Agile development works best at team scale. When a team can self-organize, refine their methods, build the toolchain, and modify adapt it to their needs, they will execute effectively. We should be happy to achieve that! I worry when we try to force-fit the same techniques at larger scales.

At the scale of a whole organization, we need to look at the qualities we want to have. (We can't necessarily produce those qualities directly, but we can create the conditions that allow them to emerge.) When we look at attempts to scale agile development up, the quality the org wants is maneuverability.

Maneuverability is the ability to change your vector rapidly. It's about gaining, shedding, or redirecting momentum. Keeping with the analogy of momentum, we can call that which resists change in the momentum vector "inertial mass." Personnel are mass, because it's relatively hard to add or shed personnel. Technical debt is a component of mass, too. It makes changes to your technical strategy harder. Actually, I'd even go so far as to say that code itself is mass. KLOCs kill.

Maneuverability has been explored most fully by the military.

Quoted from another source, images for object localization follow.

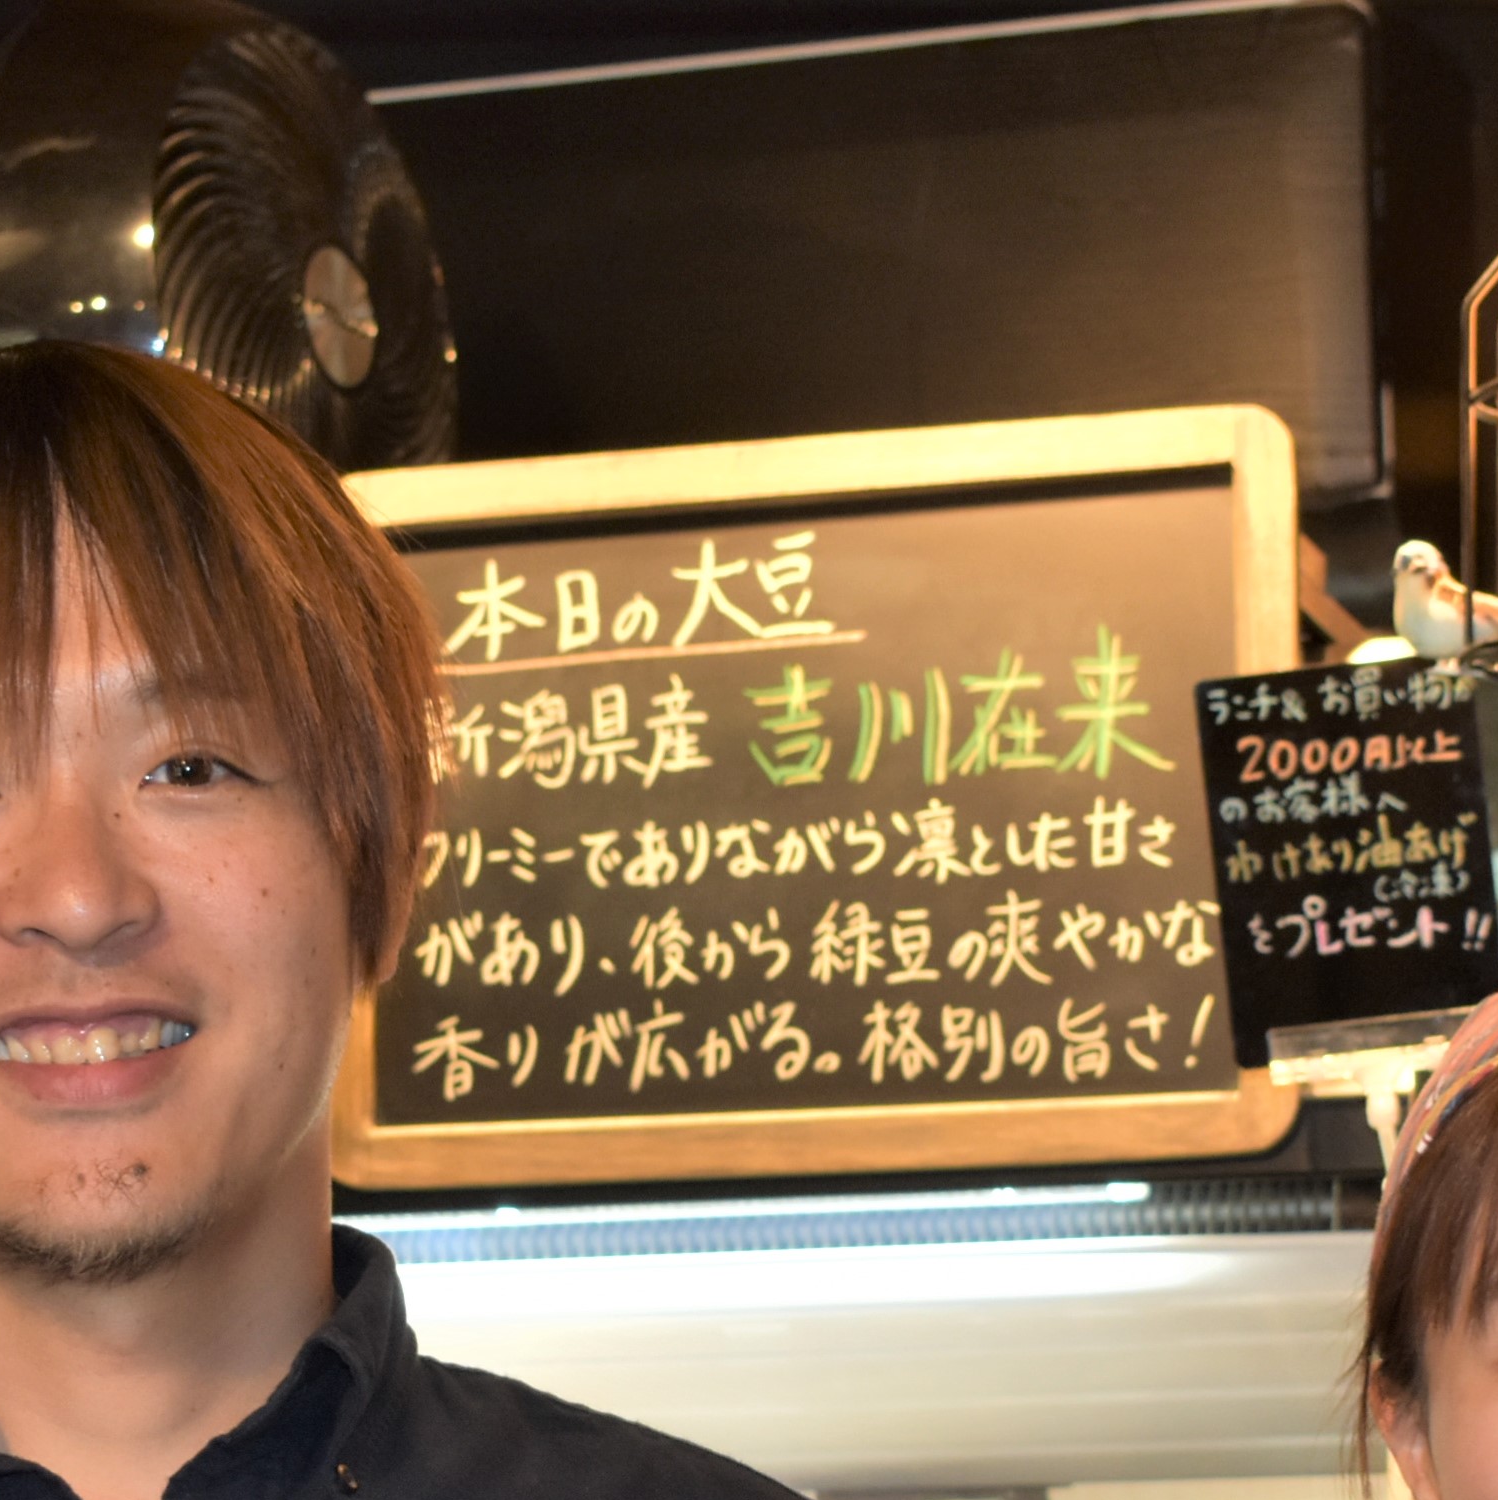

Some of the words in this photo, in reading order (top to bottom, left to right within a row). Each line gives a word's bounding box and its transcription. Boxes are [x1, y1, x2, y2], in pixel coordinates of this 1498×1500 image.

[443, 531, 835, 660] 本日の大豆
[743, 623, 1177, 786] 吉川在来
[1236, 729, 1463, 783] 2000円以上
[1219, 770, 1408, 823] のお客様へ
[415, 890, 1221, 998] があり、後から緑豆の爽やかな

Superior maneuverability allows a fighter aircraft to get inside the enemy's turn radius, then shoot for the kill. An army with high maneuverability can engage, disengage, and reorient to exploit an enemy's weakness. In the words of John Boyd, it allows you to separate your opponent into multiple, non-cooperating centers of gravity.

Maneuverability is an emergent property. It requires a number of prerequisites in the organization's structure, leadership style, operations, and ability to execute. I firmly believe that maneuverability requires a great ability to execute at the micro scale.

Agile development provides that ability to execute in software development. It is a necessary, but not sufficient, part of maneuverability. There are other necessary capabilities in the technical arena. I think that infrastructure and architecture have important roles to play for maneuverability as well.

I have previously given talks on the subject of maneuverability. I'll also be posting some further thoughts about pertinent architecture decisions.